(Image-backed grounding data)
#####

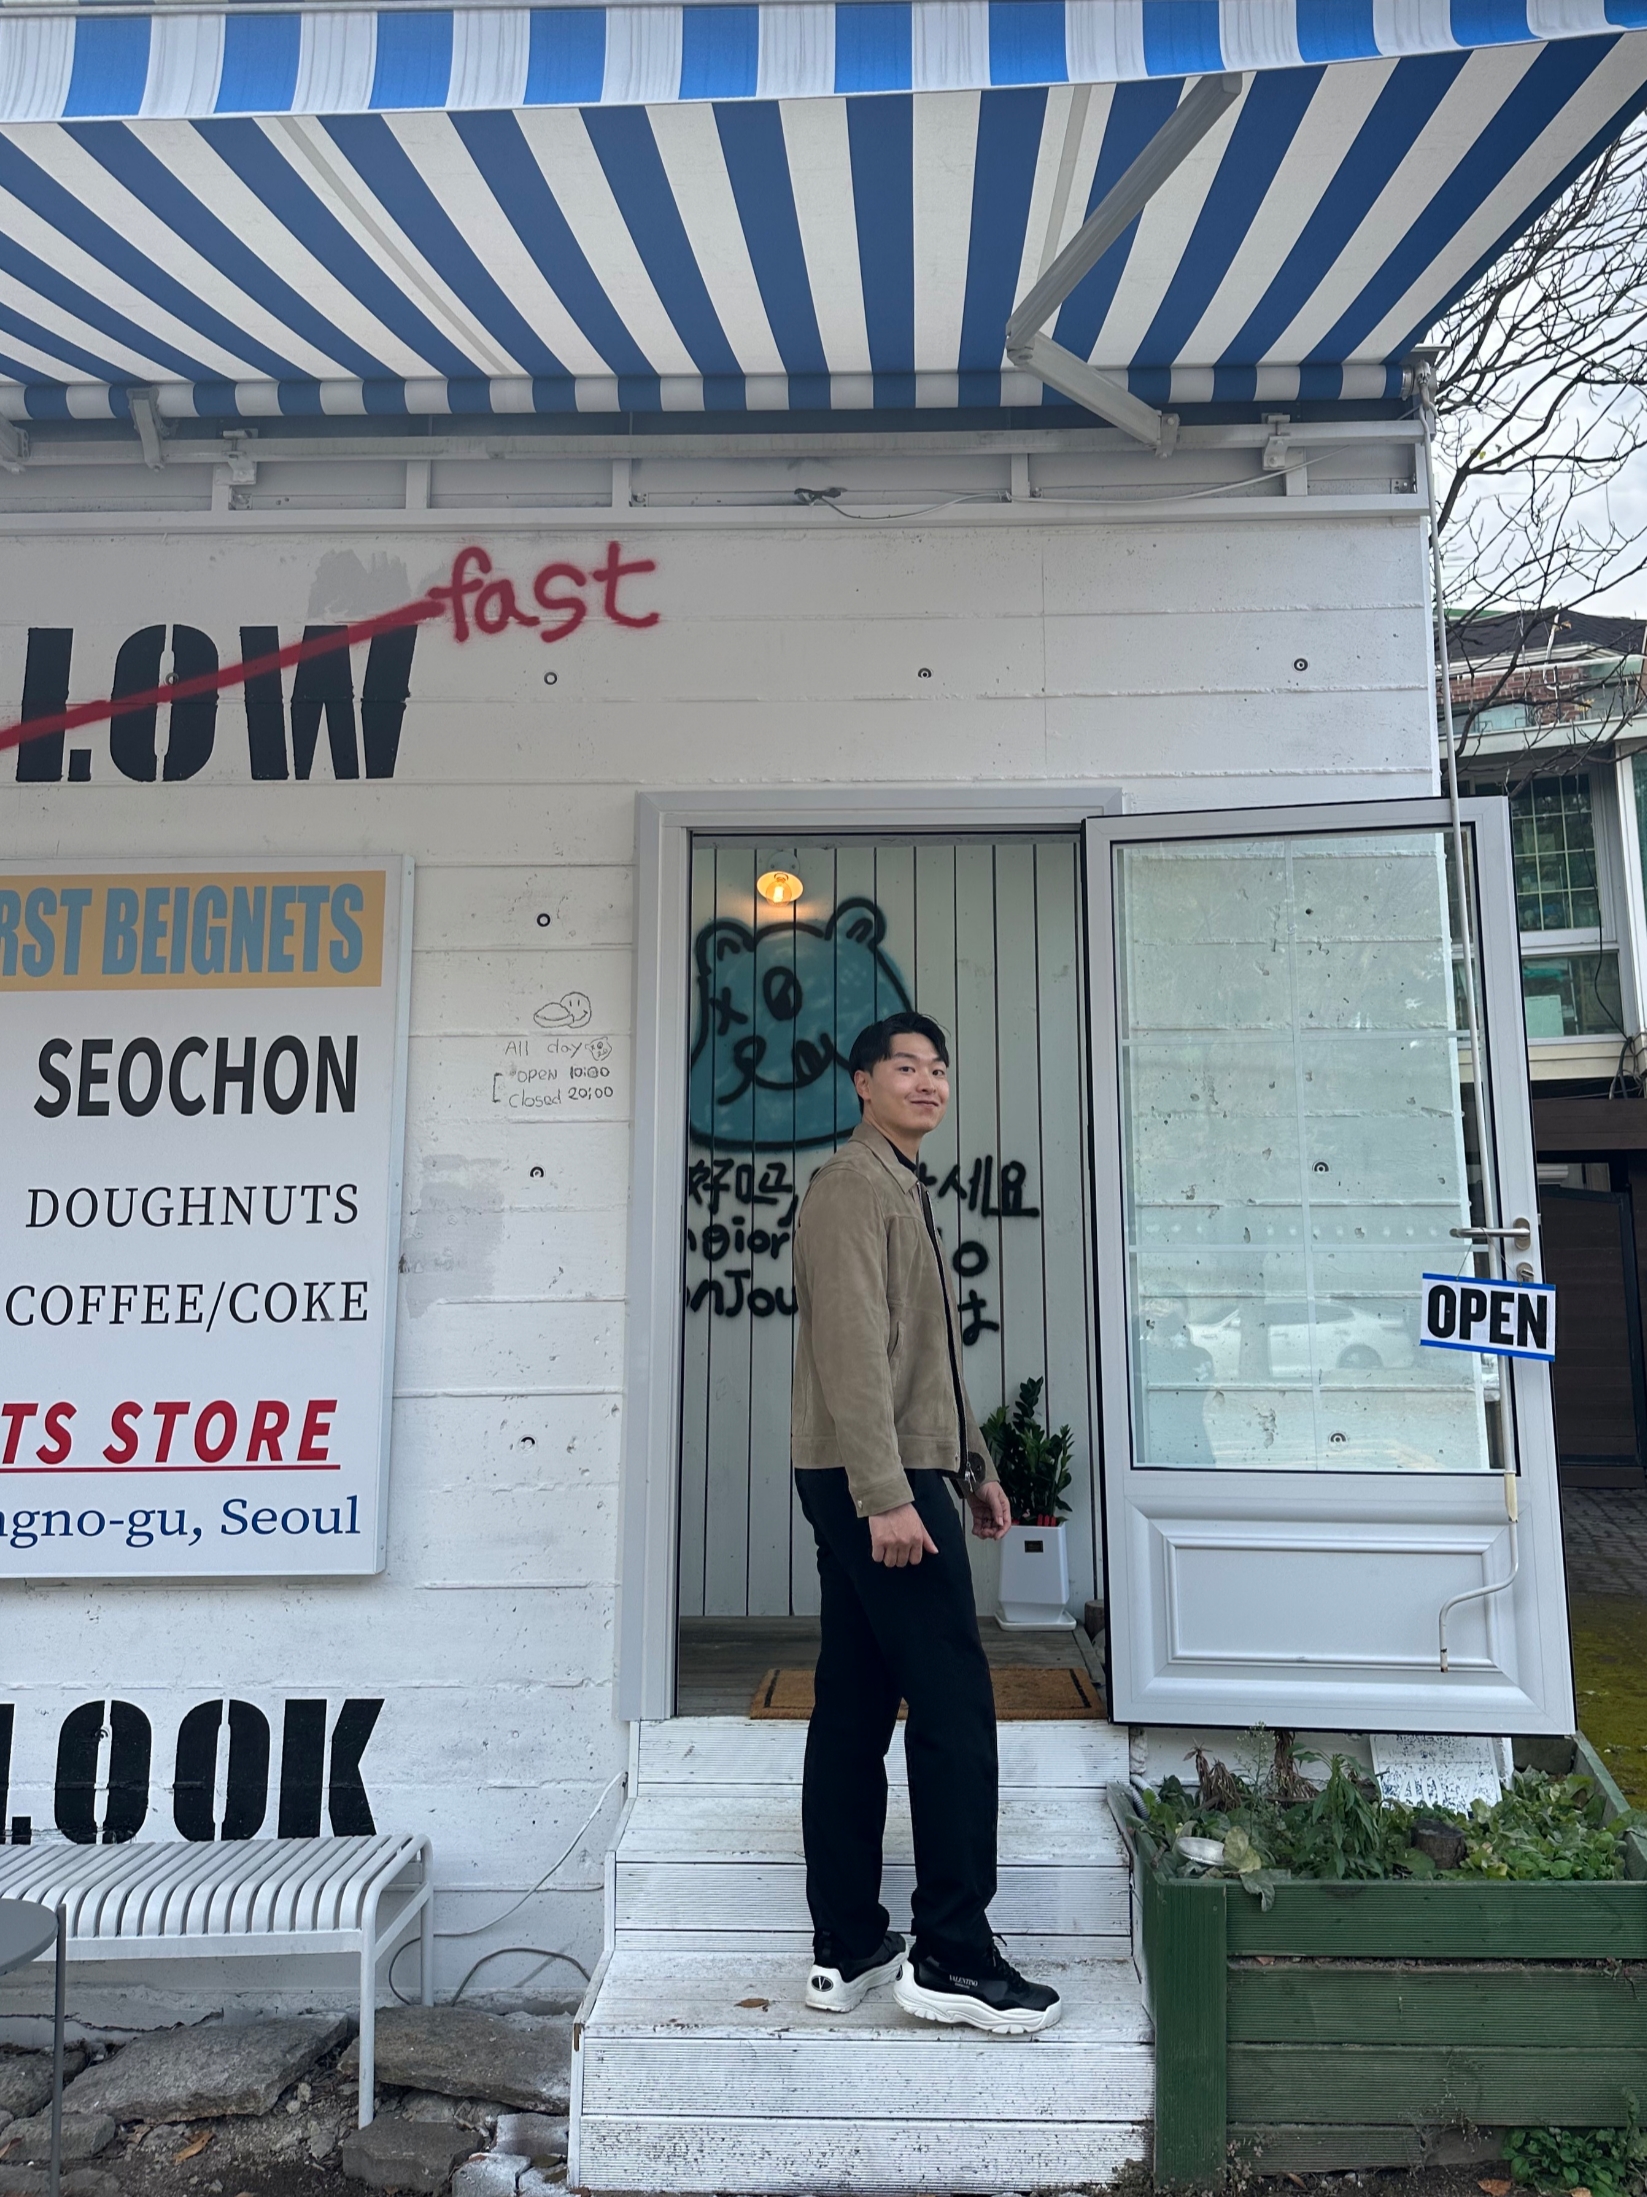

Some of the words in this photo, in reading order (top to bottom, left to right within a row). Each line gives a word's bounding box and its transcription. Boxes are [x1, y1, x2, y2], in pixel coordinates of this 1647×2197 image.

[427, 540, 660, 643] fast
[101, 883, 364, 975] BEIGNETS
[33, 1035, 358, 1118] SEOCHON
[505, 1040, 529, 1057] All
[547, 1038, 582, 1058] day
[570, 1066, 610, 1079] 10:00
[26, 1184, 359, 1228] DOUGHNUTS
[5, 1281, 369, 1332] COFFEE/COKE
[1427, 1284, 1548, 1350] OPEN
[1, 1401, 77, 1464] TS
[102, 1400, 338, 1464] STORE
[0, 1509, 202, 1549] gno-gu,
[220, 1495, 361, 1535] Seoul
[0, 1699, 385, 1844] OOK
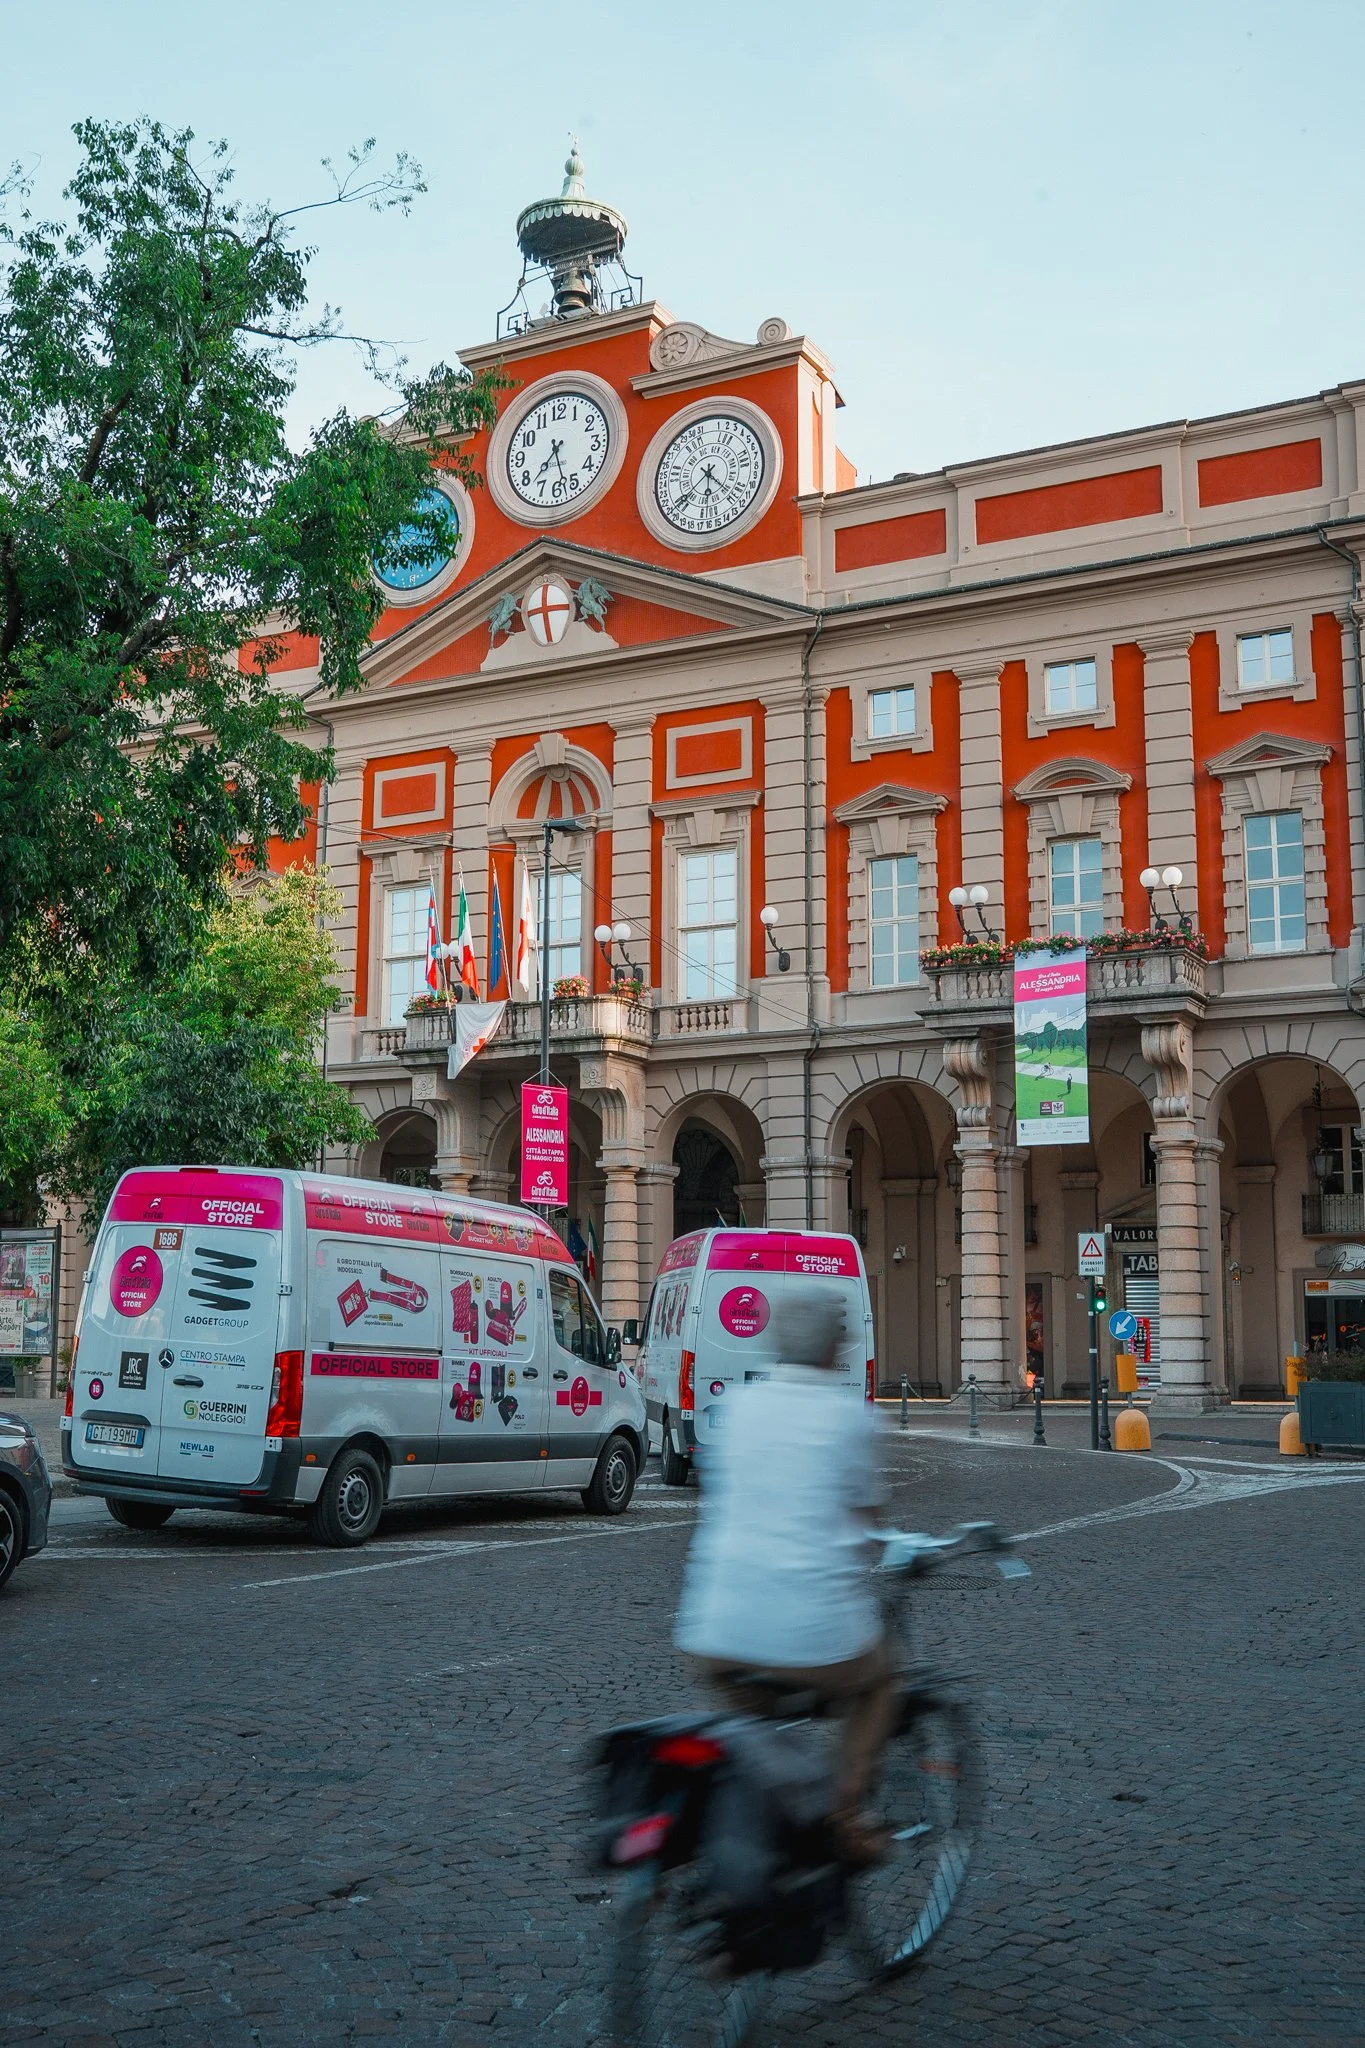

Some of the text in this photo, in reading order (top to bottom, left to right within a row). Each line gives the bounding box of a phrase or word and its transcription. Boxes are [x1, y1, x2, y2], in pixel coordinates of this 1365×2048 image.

[551, 403, 566, 421] 12
[572, 405, 577, 421] 1
[536, 412, 547, 430] 11
[584, 414, 595, 432] 2
[725, 422, 730, 430] 2
[697, 426, 704, 434] 31
[732, 423, 738, 431] 3
[522, 430, 536, 448] 10
[590, 434, 600, 451] 3
[746, 435, 751, 443] 5
[751, 442, 755, 450] 6
[515, 451, 525, 468] 9
[754, 452, 758, 460] 7
[582, 455, 594, 472] 4
[662, 461, 670, 470] 26
[754, 461, 758, 470] 8
[522, 470, 530, 486] 8
[660, 471, 668, 480] 25
[754, 471, 758, 479] 9
[570, 473, 579, 490] 5
[750, 480, 756, 489] 10
[536, 480, 547, 497] 7
[552, 481, 563, 498] 6
[660, 490, 668, 498] 23
[726, 482, 746, 504] MERC
[746, 491, 750, 499] 11
[662, 499, 669, 507] 22
[739, 499, 746, 508] 12
[672, 513, 679, 521] 20
[732, 507, 738, 516] 13
[680, 518, 686, 526] 19
[715, 518, 722, 527] 15
[723, 513, 730, 522] 14
[688, 520, 694, 529] 18
[697, 522, 704, 530] 17
[706, 520, 712, 528] 16
[1020, 974, 1080, 990] ALESSANDRIA
[532, 1104, 543, 1114] Giro
[526, 1128, 564, 1144] ALESSANDRIA
[532, 1186, 542, 1196] Giro
[201, 1200, 265, 1214] OFFICIAL
[342, 1194, 395, 1212] OFFICIAL
[207, 1212, 253, 1225] STORE
[365, 1212, 403, 1228] STORE
[159, 1232, 178, 1246] 1686
[795, 1255, 845, 1266] OFFICIAL
[1129, 1256, 1158, 1271] TAB
[802, 1264, 839, 1274] STORE
[184, 1316, 249, 1328] GADGETGROUP
[180, 1350, 245, 1363] CENTRO STAMPA
[126, 1357, 142, 1374] JRC
[320, 1358, 384, 1374] OFFICIAL
[391, 1361, 432, 1376] STORE
[92, 1384, 100, 1392] 16
[200, 1400, 246, 1414] GUERRINI
[199, 1412, 243, 1423] NOLEGGIO
[93, 1426, 137, 1443] GT 199MH
[180, 1442, 214, 1452] NEWLAB

#####

◆ YOUR GOAL ◆
All of the entries above are to be written out exactly, with no pictures.

◆ SOLUTION FOR THIS PROBLEM ◆
Some of the words in this photo, in reading order (top to bottom, left to right within a row). Each line gives a word's bounding box and its transcription. Boxes are [x1, y1, x2, y2], in pixel coordinates of this 1647×2197 image.

[427, 540, 660, 643] fast
[101, 883, 364, 975] BEIGNETS
[33, 1035, 358, 1118] SEOCHON
[505, 1040, 529, 1057] All
[547, 1038, 582, 1058] day
[570, 1066, 610, 1079] 10:00
[26, 1184, 359, 1228] DOUGHNUTS
[5, 1281, 369, 1332] COFFEE/COKE
[1427, 1284, 1548, 1350] OPEN
[1, 1401, 77, 1464] TS
[102, 1400, 338, 1464] STORE
[0, 1509, 202, 1549] gno-gu,
[220, 1495, 361, 1535] Seoul
[0, 1699, 385, 1844] OOK

Some of the text in this photo, in reading order (top to bottom, left to right within a row). Each line gives the bounding box of a phrase or word and its transcription. Boxes are [x1, y1, x2, y2], in pixel coordinates of this 1365×2048 image.

[551, 403, 566, 421] 12
[572, 405, 577, 421] 1
[536, 412, 547, 430] 11
[584, 414, 595, 432] 2
[725, 422, 730, 430] 2
[697, 426, 704, 434] 31
[732, 423, 738, 431] 3
[522, 430, 536, 448] 10
[590, 434, 600, 451] 3
[746, 435, 751, 443] 5
[751, 442, 755, 450] 6
[515, 451, 525, 468] 9
[754, 452, 758, 460] 7
[582, 455, 594, 472] 4
[662, 461, 670, 470] 26
[754, 461, 758, 470] 8
[522, 470, 530, 486] 8
[660, 471, 668, 480] 25
[754, 471, 758, 479] 9
[570, 473, 579, 490] 5
[750, 480, 756, 489] 10
[536, 480, 547, 497] 7
[552, 481, 563, 498] 6
[660, 490, 668, 498] 23
[726, 482, 746, 504] MERC
[746, 491, 750, 499] 11
[662, 499, 669, 507] 22
[739, 499, 746, 508] 12
[672, 513, 679, 521] 20
[732, 507, 738, 516] 13
[680, 518, 686, 526] 19
[715, 518, 722, 527] 15
[723, 513, 730, 522] 14
[688, 520, 694, 529] 18
[697, 522, 704, 530] 17
[706, 520, 712, 528] 16
[1020, 974, 1080, 990] ALESSANDRIA
[532, 1104, 543, 1114] Giro
[526, 1128, 564, 1144] ALESSANDRIA
[532, 1186, 542, 1196] Giro
[201, 1200, 265, 1214] OFFICIAL
[342, 1194, 395, 1212] OFFICIAL
[207, 1212, 253, 1225] STORE
[365, 1212, 403, 1228] STORE
[159, 1232, 178, 1246] 1686
[795, 1255, 845, 1266] OFFICIAL
[1129, 1256, 1158, 1271] TAB
[802, 1264, 839, 1274] STORE
[184, 1316, 249, 1328] GADGETGROUP
[180, 1350, 245, 1363] CENTRO STAMPA
[126, 1357, 142, 1374] JRC
[320, 1358, 384, 1374] OFFICIAL
[391, 1361, 432, 1376] STORE
[92, 1384, 100, 1392] 16
[200, 1400, 246, 1414] GUERRINI
[199, 1412, 243, 1423] NOLEGGIO
[93, 1426, 137, 1443] GT 199MH
[180, 1442, 214, 1452] NEWLAB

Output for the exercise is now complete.